Могли бы, если бы ей хоть чуть-чуть, хоть чего-нибудь хотелось так же сильно, как исчезнуть, слившись с первой попавшейся стеной.
- О, здоровье в Италии - это отдельная тема, девочки, - улыбнулась дама-профессор, подавляя зевок. - Лауретта вот всерьёз считает, что её батюшка умер от того, что любил капучино.
Комментарий был сделан на русском, но хозяйка, услышав последнее слово, непритворно содрогнулась.
- Капучино! - сдавленно вскрикнула она, возведя очи горе. - Молоко! Mamma mia, нет на этой земле ничего более ядовитого! Carissime, я надеюсь, никто из вас не пьёт молоко? - с опаской Лауретта смерила взглядом Нарине, потом Вику и, наконец, её - не оставив без внимания тарелку с непозволительным объёмом пасты. - Ведь правда?..
СОРРЕНТО - НЕАПОЛЬ
- Написал эссе? - выдохнул Лука, пока они, вальяжно опаздывая, взбирались по ступенькам лицея. Слегка пухлый, он раскраснелся от спешки; на майке темнели пятна пота.
Гвидо улыбнулся, борясь с зевком.
- Конечно. Сто раз, - потом подумал и добавил: - Пусть засунет своё эссе себе в...
- Куда так торопитесь, синьоры? - осведомился сухой женский голос. - Неужели соизволите посетить занятие?
На несколько ступеней выше замерла, скрестив руки на груди, непреклонная, как скала, профессоресса Эспозито. Высокая и грузная, в серой блузе, застёгнутой по горло, она действительно напоминала скалу. Гвидо впервые задумался об этом - и ему почему-то стало смешно.

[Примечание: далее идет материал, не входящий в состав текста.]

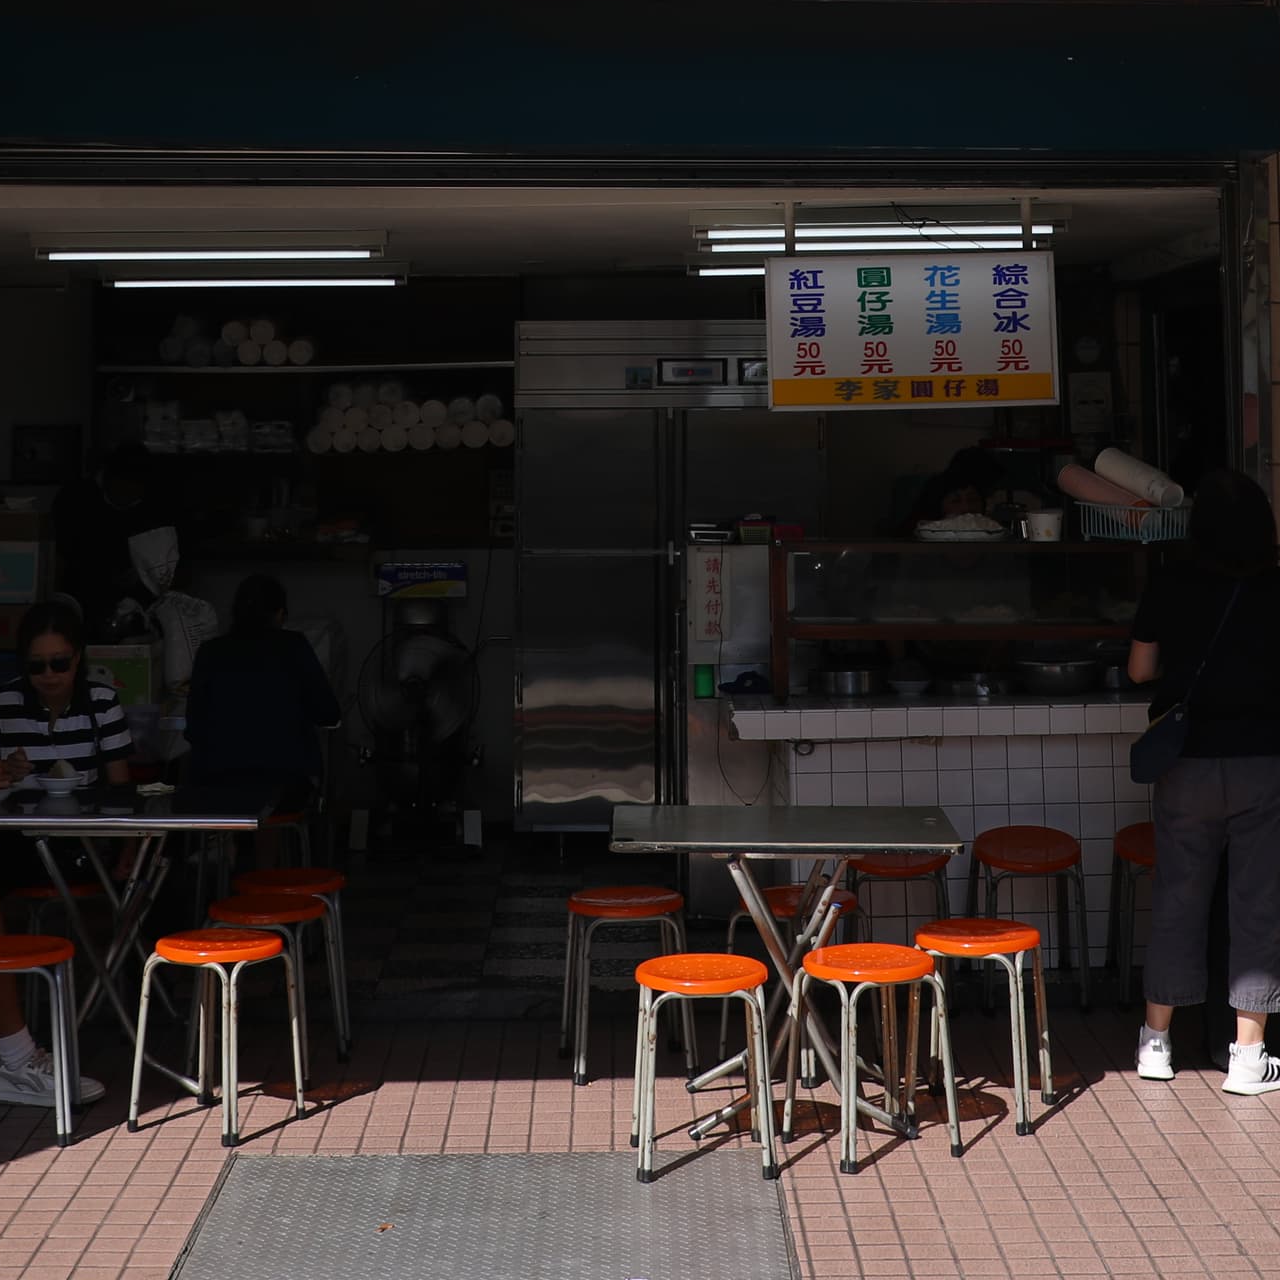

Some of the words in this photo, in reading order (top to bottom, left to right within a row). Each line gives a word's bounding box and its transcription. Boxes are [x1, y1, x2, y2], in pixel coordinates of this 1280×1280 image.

[788, 268, 827, 339] 紅豆湯
[856, 266, 894, 337] 圓仔湯
[924, 265, 963, 335] 花生湯
[992, 263, 1031, 334] 綜合冰
[833, 378, 1000, 402] 李家圓仔湯
[704, 557, 721, 636] 請先付款

Лука спрашивал об эссе по истории, а Грозная Эспозито, увы, вела именно мировую историю. И её же Гвидо (вот чертовщина) должен был сдать в качестве государственного экзамена. Совсем скоро, и вот это "совсем", по мере своего сокращения, вызывало всё большую панику. В целом ему нравилось: история пугала и увлекала одновременно. Одно время он, например, бешено интересовался прошлым Америки: искал фильмы и книги об индейцах, купил у букиниста биографию Томаса Джефферсона и втайне восхищался генералом Ли. Точно так же, недолговечными "припадками", ему нравились другие великие личности - Юлий Цезарь, Наполеон, само собой, Гарибальди... Но одно дело - представлять себе, какими они были людьми, чем жили и как сражались, и совсем другое - решать бесконечные нудные тесты, строчить шаблонные эссе.

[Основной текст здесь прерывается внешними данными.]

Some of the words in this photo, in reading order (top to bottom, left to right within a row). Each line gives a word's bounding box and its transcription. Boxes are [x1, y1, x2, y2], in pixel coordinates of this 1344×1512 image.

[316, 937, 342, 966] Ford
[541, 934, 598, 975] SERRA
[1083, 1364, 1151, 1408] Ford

Однако Гвидо решал и строчил, потому что знал: приличный балл на экзаменах и поступление в университет - его единственный шанс вырваться из Сорренто. Последняя возможность не провести всю жизнь, нахваливая ракушки туристам.
Вот только, к сожалению, в последнее время ни Реформация, ни бесконечные кампании Наполеона не укладывались у него в голове. В эссе, которое задали два дня назад, нужно было выразить своё мнение о Великой французской революции: можно назвать её исторической ошибкой или нет. Гвидо догадывался, какого ответа и каких аргументов ждёт Грозная Эспозито. Поддакивать ему не хотелось - но, чтобы не поддакивать, оставалось только изобретать что-то своё, а для этого требовалась уйма времени. Времени у Гвидо не было. Все эти два дня он без перерыва работал в магазине.

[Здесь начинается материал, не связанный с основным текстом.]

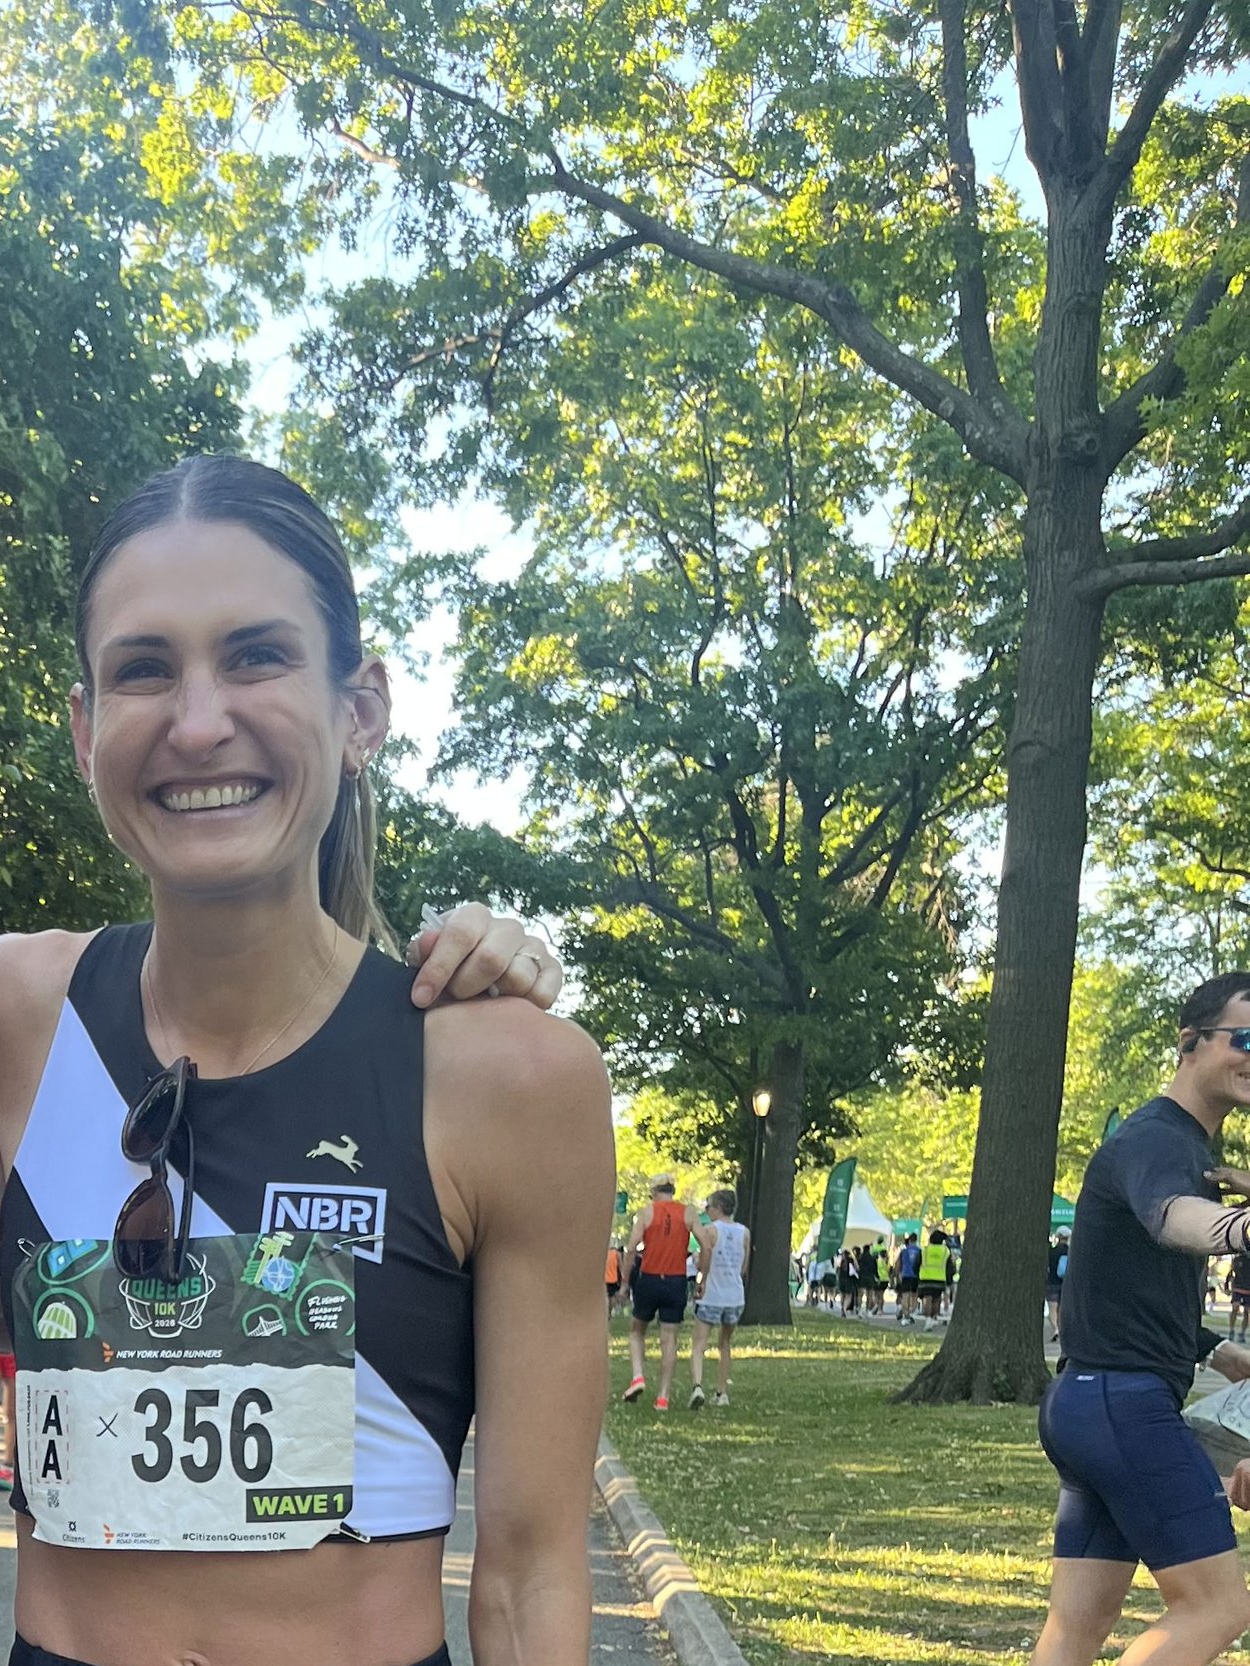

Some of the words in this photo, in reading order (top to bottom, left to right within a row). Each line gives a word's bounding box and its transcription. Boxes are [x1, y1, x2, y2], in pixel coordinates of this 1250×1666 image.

[274, 1196, 372, 1234] NBR
[131, 1277, 202, 1299] QUEENS
[154, 1302, 176, 1315] 10K
[116, 1350, 135, 1358] NEW
[136, 1350, 159, 1358] YORK
[160, 1350, 182, 1358] ROAD
[183, 1349, 223, 1358] RUNNERS
[130, 1388, 274, 1483] 356
[252, 1494, 328, 1516] WAVE
[333, 1493, 345, 1513] 1
[182, 1532, 286, 1541] #CitizensQueens10K
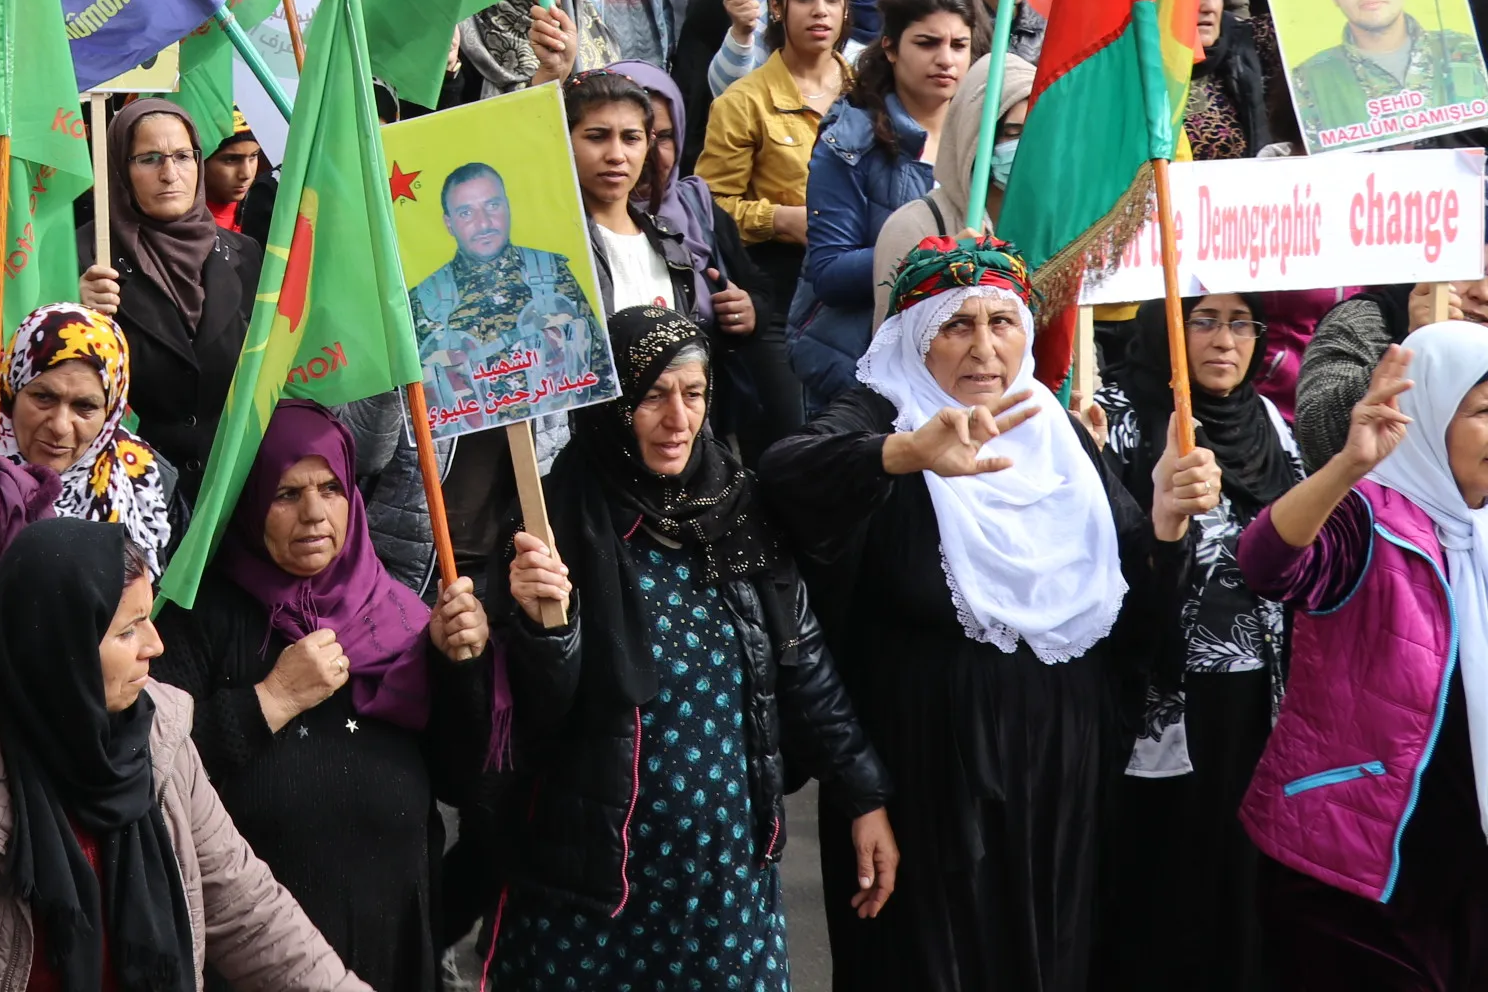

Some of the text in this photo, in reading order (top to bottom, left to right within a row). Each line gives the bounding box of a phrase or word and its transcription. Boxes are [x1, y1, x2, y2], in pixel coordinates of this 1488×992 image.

[1367, 90, 1423, 116] ŞEHÎD
[1319, 99, 1488, 147] MAZLÛM QAMIŞLO
[1197, 182, 1323, 279] Demographic
[1349, 171, 1460, 264] change
[472, 348, 541, 383] الشهيد
[426, 398, 481, 429] عليوي

И эссе, соответственно, не написал. Вместо портрета Робеспьера и гильотины перед глазами у него мелькали кораллы, статуэтки и брелоки с магнитами. И лимоны - вездесущие лимоны. В такие моменты он искренне думал, что ненавидит Сорренто.
Но даже Луке, не то что родителям, нельзя было это сказать.
- Простите, профессоресса, - сказал Гвидо, состроив любезно-смиренное лицо. Репутация в лицее у него была получше, чем у Луки (по крайней мере в плане дисциплины - об успеваемости говорить не приходилось и не хотелось), поэтому и опыт "состраивания лица" сложился шире и разнообразнее. - Поезд опоздал. Забастовка.
Недовольство машинистов или работников железной дороги было самой универсальной причиной для объяснения опозданий и задержек. Circumvesuviana, грязная, шумная, полная туристов, продавцов сувениров (братья по несчастью...), искателей прибыли из Бангладеш и Нигерии, исправно возила Гвидо из Сорренто в Неаполь пять дней в неделю - так исправно, что он уставал. Зная наизусть дорогу длиной в час, трудно было любоваться пейзажами, особенно в утренней тесноте и вони чужого пота. Но раз или два в месяц, а иногда и три, неизбежно случались забастовки. Весьма удобно: даже без справки о болезни можно пропустить.
Гвидо помнил, как год назад благодаря забастовке провёл чудный день с Лукой и Анджело, своим кузеном. За утро они взмокли у волейбольной сетки на пляже (футболу Гвидо предпочитал волейбол - поэтому родители, одноклассники и младшие сёстры считали его не то чтобы идиотом, но слегка неполноценным), а вечер проторчали за игровой приставкой. Был самый обыкновенный, будний четверг, что только усиливало удовольствие.
Однако с тех пор ни одна забастовка железнодорожников не прошла без работы в магазине. Теперь Гвидо радовался им значительно меньше - и стеснялся объяснить ребятам, почему.
Глаза Грозной Эспозито за стёклами очков опасно сузились.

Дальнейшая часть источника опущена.